Sanatçı Sadun Aksüt sanat yaşamını anlattığı “Alkışlarla Geçen Yıllar” kitabında, Sâime Sinan ile ilgili “… Saime, pire için yorgan yakan cinsinden, son derece sinirli bir kadındı. Pek ortalıklarda gözükmezdi ve onun içindir ki, dedikodusu olmamış gibidir. Sinirli oluşundan, öyle herkesle uyum sağlayacak bir kişi değildi.
En ufak bir şeyden büyük bir olay yaratırdı. Bu yüzden de sahne hayâtı çağdaşları kadar uzun sürmedi. Hatta kısa sürdü diyebiliriz. Ben kendisiyle çalıştım. Sahnede ciddi bir okuyucuydu. Ancak, çok asabi bir tabiata sahip olduğu için, geçimsizliği de had safhadaydı. Radyoda okuduğu zaman çok fevkaladelikler yaratırdı sesiyle. Çok yazık oldu, erken solan bir çiçek gibi kaybolup gitti.

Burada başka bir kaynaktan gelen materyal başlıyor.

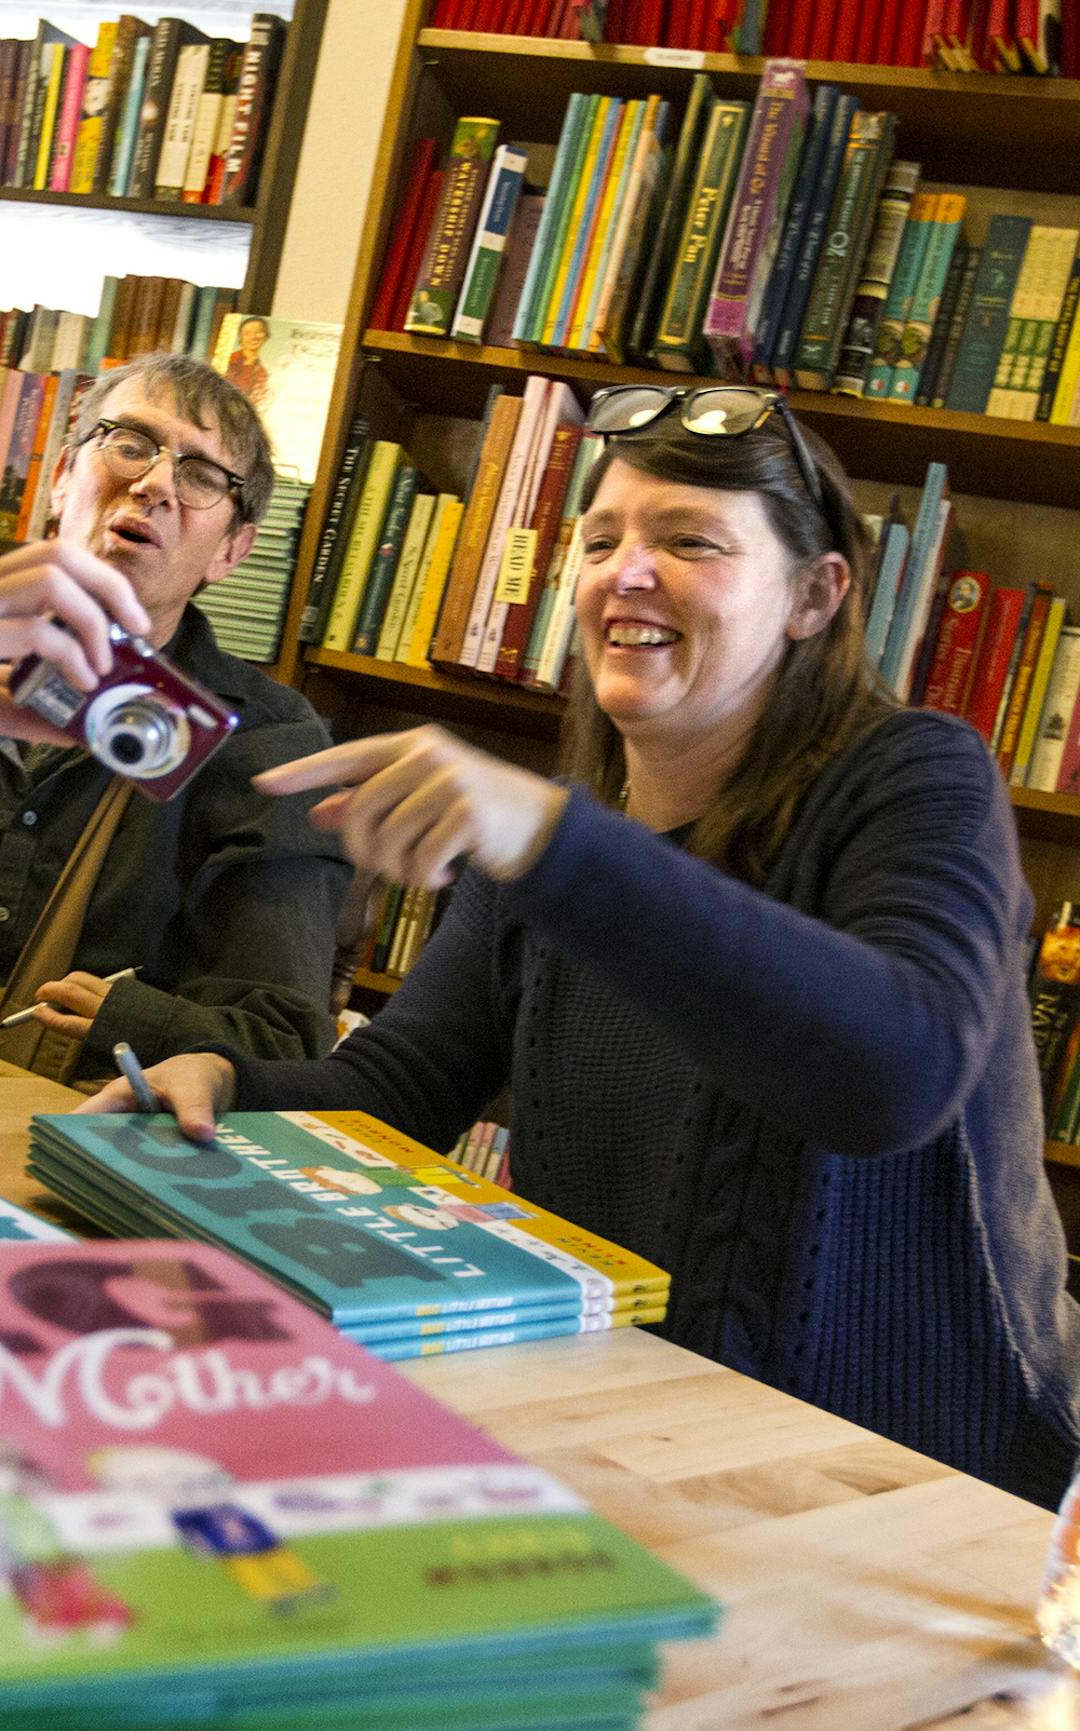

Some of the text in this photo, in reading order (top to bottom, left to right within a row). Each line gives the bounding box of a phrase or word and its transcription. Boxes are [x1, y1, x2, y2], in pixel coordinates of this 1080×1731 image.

[238, 52, 263, 116] NIGHT
[226, 121, 249, 173] FILM
[443, 162, 472, 237] WATERSHIP
[682, 187, 718, 264] Peter Pan
[430, 244, 451, 286] DOWN
[313, 448, 359, 582] THE SECRET GARDEN
[504, 535, 529, 597] READ ME
[91, 1123, 446, 1289] BIG
[336, 1206, 487, 1279] LITTLE
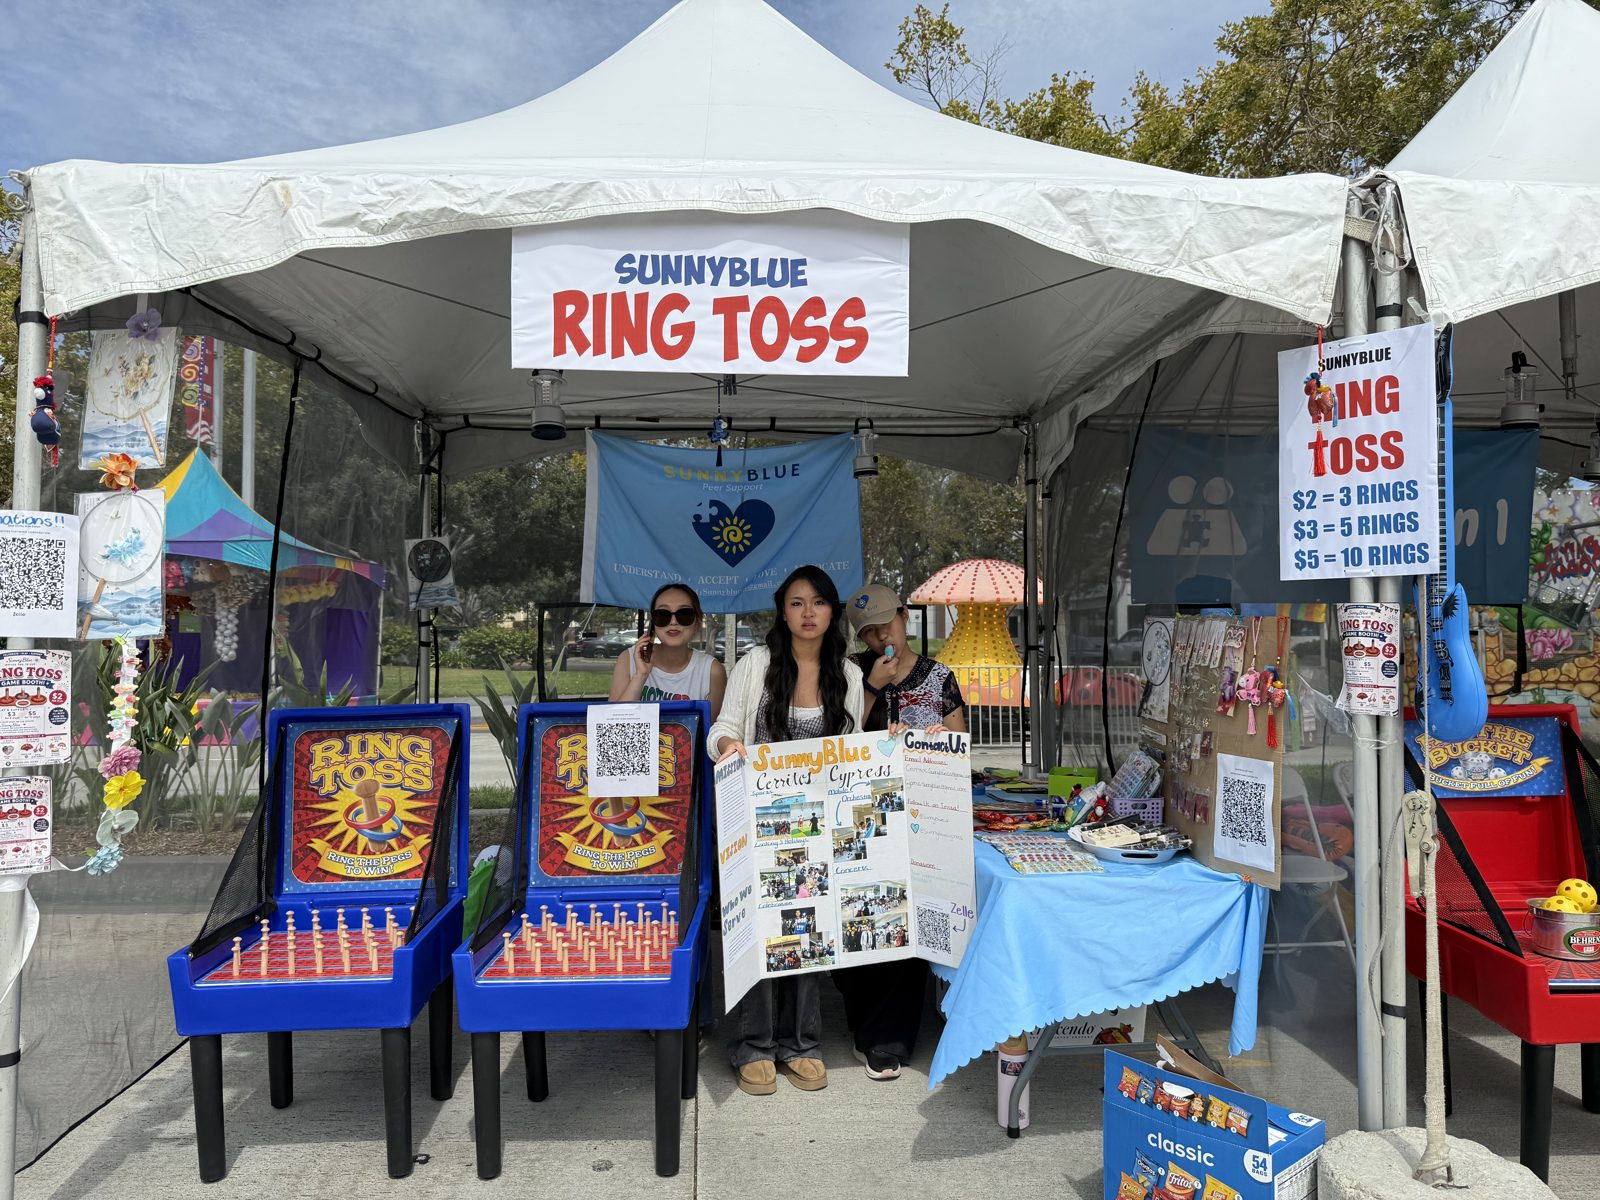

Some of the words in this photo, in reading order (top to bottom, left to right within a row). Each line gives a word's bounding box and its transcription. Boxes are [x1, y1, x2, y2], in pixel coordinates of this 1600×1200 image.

[615, 253, 808, 288] SUNNYBLUE
[553, 289, 696, 361] RING
[712, 294, 869, 364] TOSS
[1318, 347, 1391, 372] SUNNYBLUE
[1312, 375, 1400, 424] ING
[702, 483, 723, 491] Peer
[725, 483, 764, 493] Support
[1293, 490, 1317, 512] $2
[1340, 486, 1351, 507] 3
[1357, 480, 1419, 505] RINGS
[1294, 520, 1318, 541] $3
[1341, 517, 1352, 537] 5
[1358, 511, 1419, 536] RINGS
[1295, 549, 1319, 571] $5
[1341, 547, 1362, 567] 10
[1368, 543, 1430, 566] RINGS
[614, 563, 682, 583] UNDERSTAND
[698, 575, 739, 585] ACCEPT
[754, 567, 777, 579] OVE
[1363, 620, 1393, 633] TOSS
[0, 667, 23, 678] NG
[27, 667, 63, 680] TOSS
[52, 692, 63, 700] $2
[557, 733, 676, 764] RG
[905, 731, 949, 753] Contact
[1478, 723, 1534, 749] THE
[311, 733, 434, 769] RING
[753, 737, 871, 774] SunnyBlue
[1428, 739, 1533, 769] BUCKET
[311, 760, 434, 796] TOSS
[756, 772, 811, 790] Cerritos
[830, 764, 891, 789] Cypress
[1470, 781, 1497, 789] FULL
[1498, 778, 1511, 786] OF
[1513, 766, 1537, 782] FUN!
[16, 790, 44, 799] TOSS
[328, 851, 355, 865] RING
[356, 857, 380, 866] THE
[382, 851, 412, 864] PEGS
[573, 845, 600, 859] RING
[602, 852, 625, 861] THE
[627, 845, 656, 858] PEGS
[720, 833, 748, 865] VISION
[345, 864, 361, 875] TO
[363, 864, 394, 875] WIN!
[591, 859, 606, 869] TO
[609, 859, 639, 869] WIN!
[722, 897, 738, 918] Who
[740, 884, 752, 901] We
[951, 902, 974, 919] Zelle
[722, 908, 746, 936] Serve
[1147, 1132, 1214, 1167] classic
[1252, 1154, 1267, 1171] 54
[1252, 1169, 1268, 1177] BAGS
[1169, 1172, 1192, 1189] Fritos
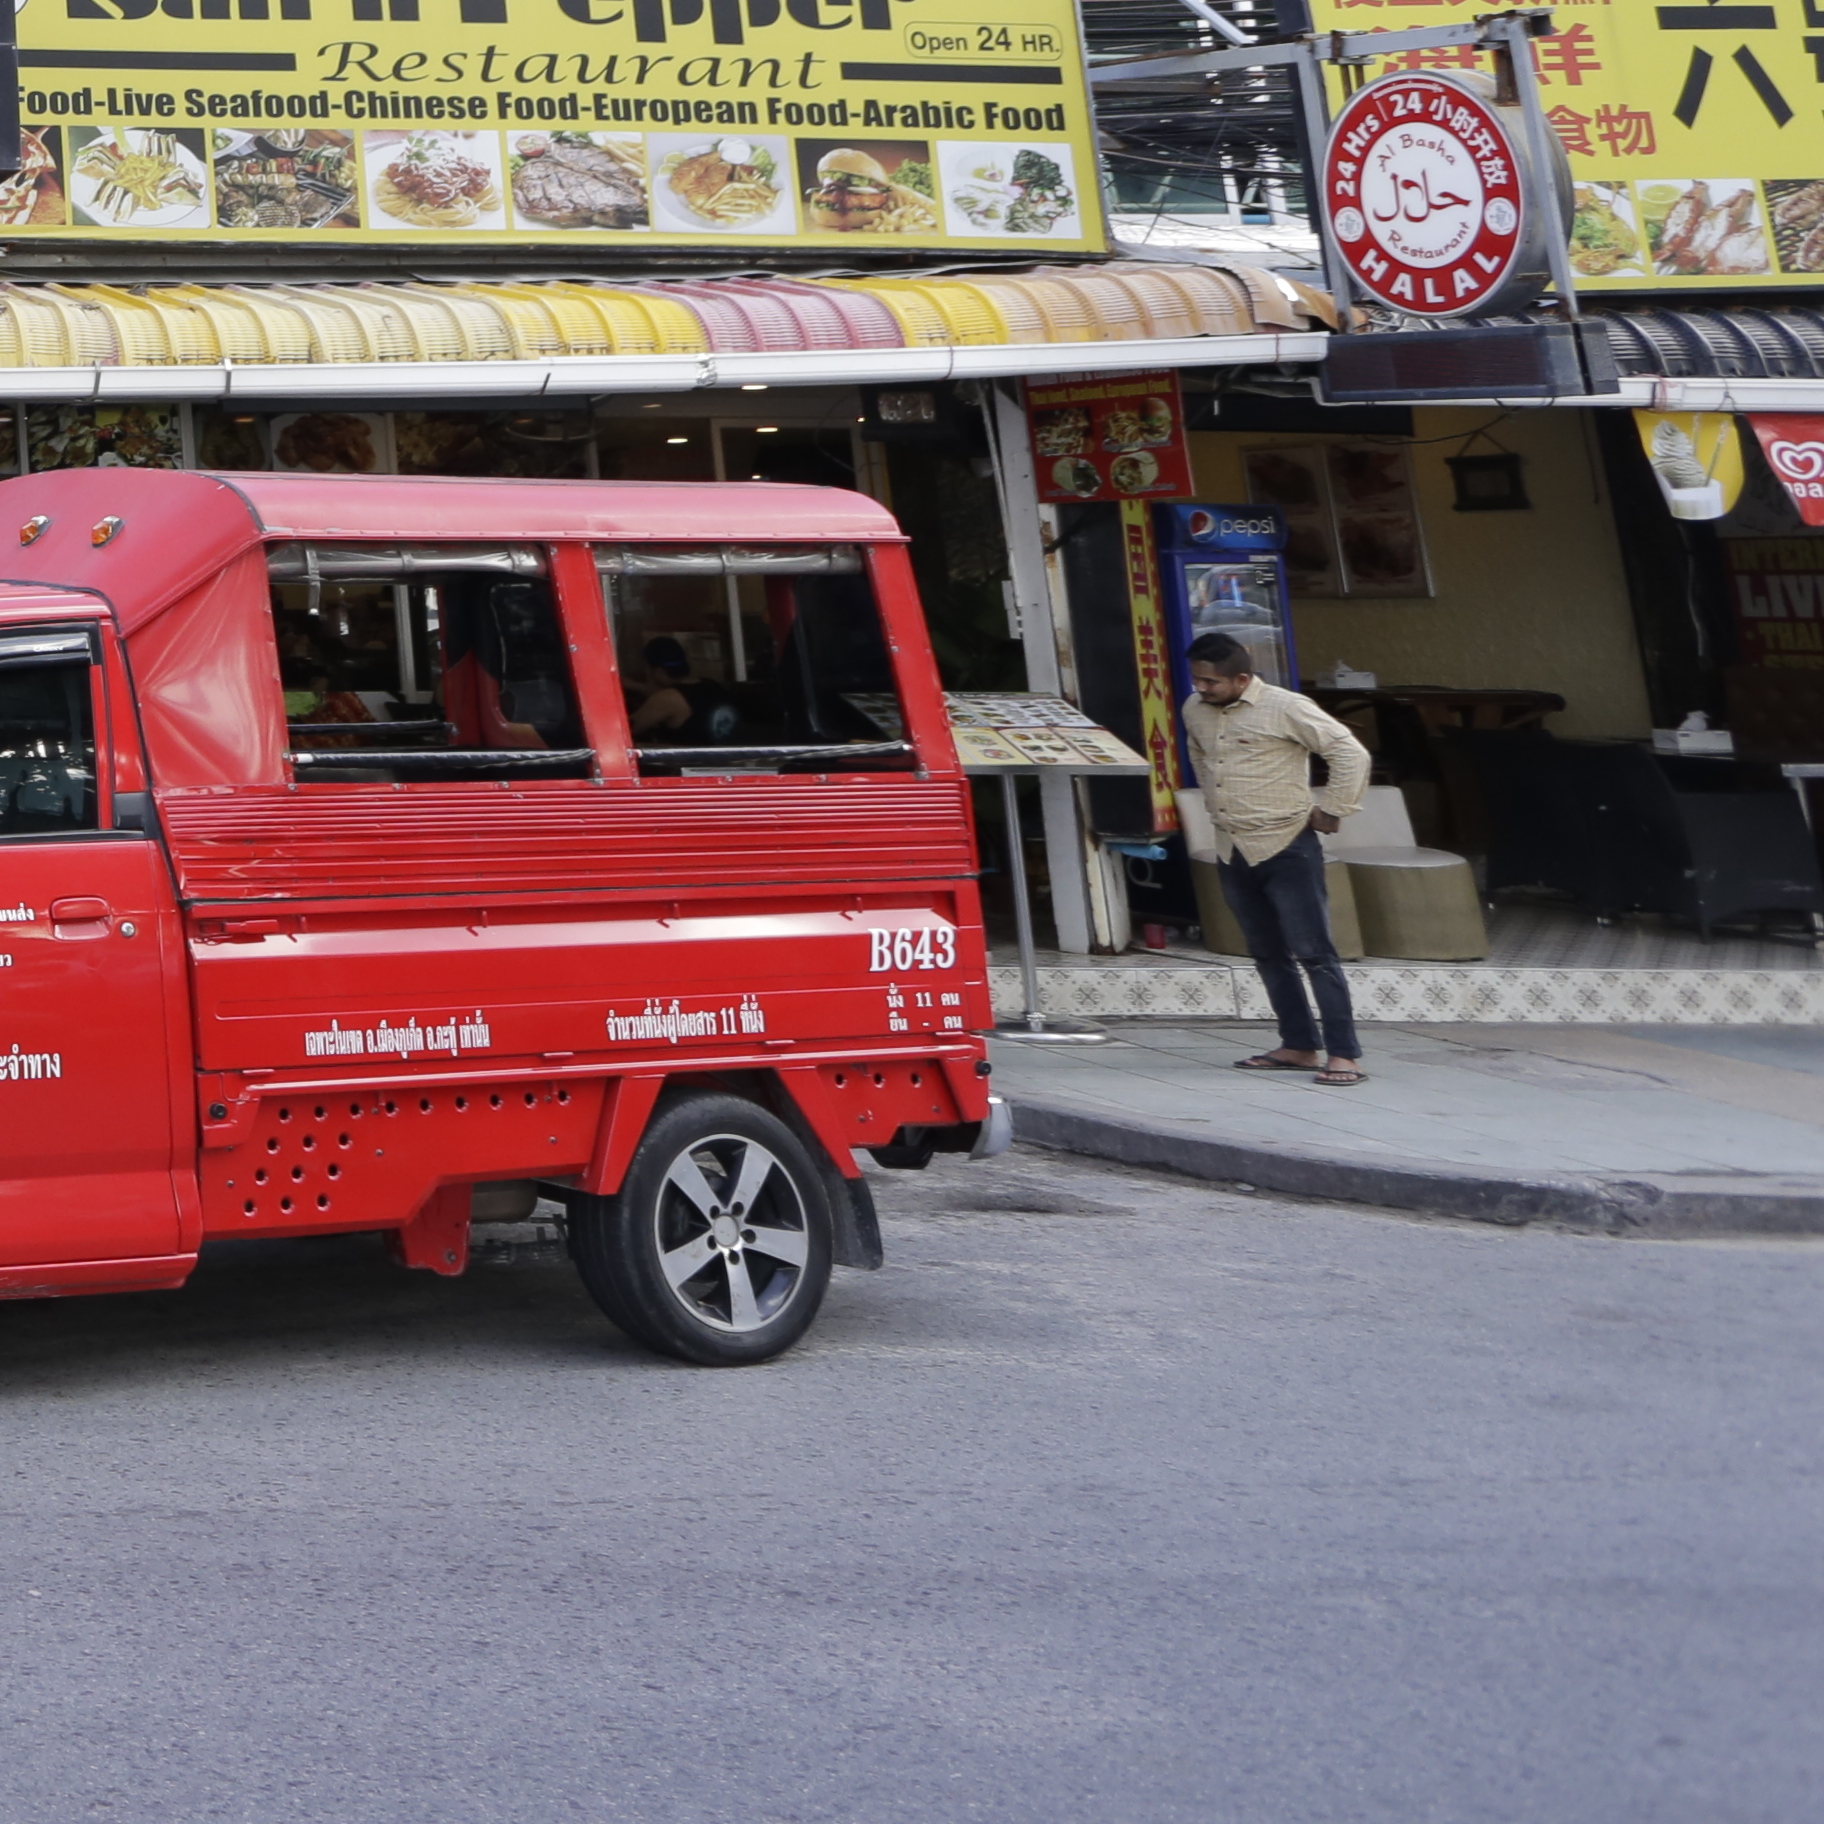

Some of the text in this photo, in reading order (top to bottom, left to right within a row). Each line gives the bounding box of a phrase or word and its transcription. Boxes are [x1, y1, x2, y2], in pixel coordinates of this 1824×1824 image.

[910, 27, 1061, 56] Open 24 HR.
[316, 41, 826, 90] Restaurant
[984, 101, 1066, 132] Food
[1336, 91, 1508, 197] 24 Hrs 24 小时开放
[1399, 133, 1455, 166] Basha
[1388, 221, 1470, 259] Restaurant
[1359, 248, 1501, 304] HALAL
[1219, 516, 1277, 537] pepsi
[1735, 574, 1824, 618] LIV
[867, 926, 957, 972] B643
[887, 982, 961, 1008] นั่ง 11 คน
[606, 994, 766, 1044] จำนวนที่นั่งผู้โดยสาร 11 ที่นั่ง
[889, 1010, 964, 1032] ยืน คน
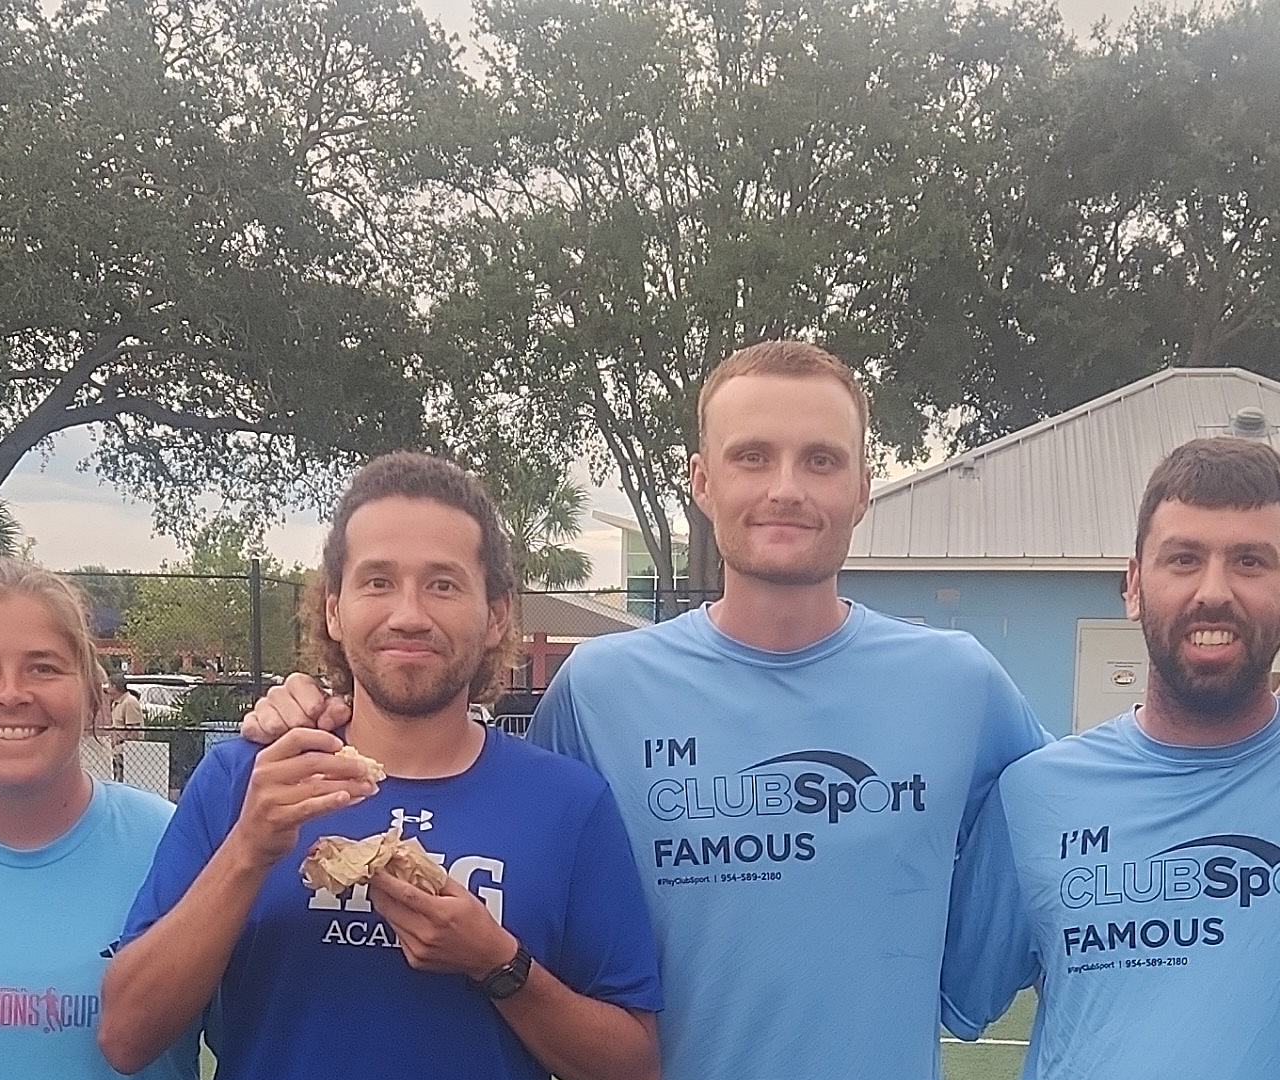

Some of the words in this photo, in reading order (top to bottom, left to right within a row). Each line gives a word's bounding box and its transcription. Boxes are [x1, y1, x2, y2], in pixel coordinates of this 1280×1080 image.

Uzun yıllar sonra kendisine rastladım. Hala güzelliği yerindeydi. Yine de konuşurken sinirli idi. Boynunun sol tarafında bir yara izi, bir ameliyat izi, bir bıçak yarası gibi bir işret vardı. O sebeple de resim çektirirken sol tarafını hiç göstermezdi. “Taş plaktan Bugüne” adlı programı sunarken, Sâime Sinan’ı da buldum ve ona çok rica ettim. Fakat dil dökmelerim boşa çıktı, gelmedi.
Şunu da söyleyeyim ki, okumaya epey ürkekleşmiş olduğunu fark ettim. Mikrofondan ve dinleyici karşısına çıkmaktan çekiniyordu, üzülmüştüm. Gerçekten iyi bir okuyucu, iyi bir solistti. Şimdilerde gazinolarda assolist olarak geçinenler var ya, Saime’nin eline su dökemezlerdi. Çağdaşları, hatta kendisinden çok büyük bir ablaları hala okurken, Saime’nin ismini dahi çok kişinin bilmemesi, inanın musikimiz için esefle anılacak bir olaydır.” ifadelerini kullanmıştır.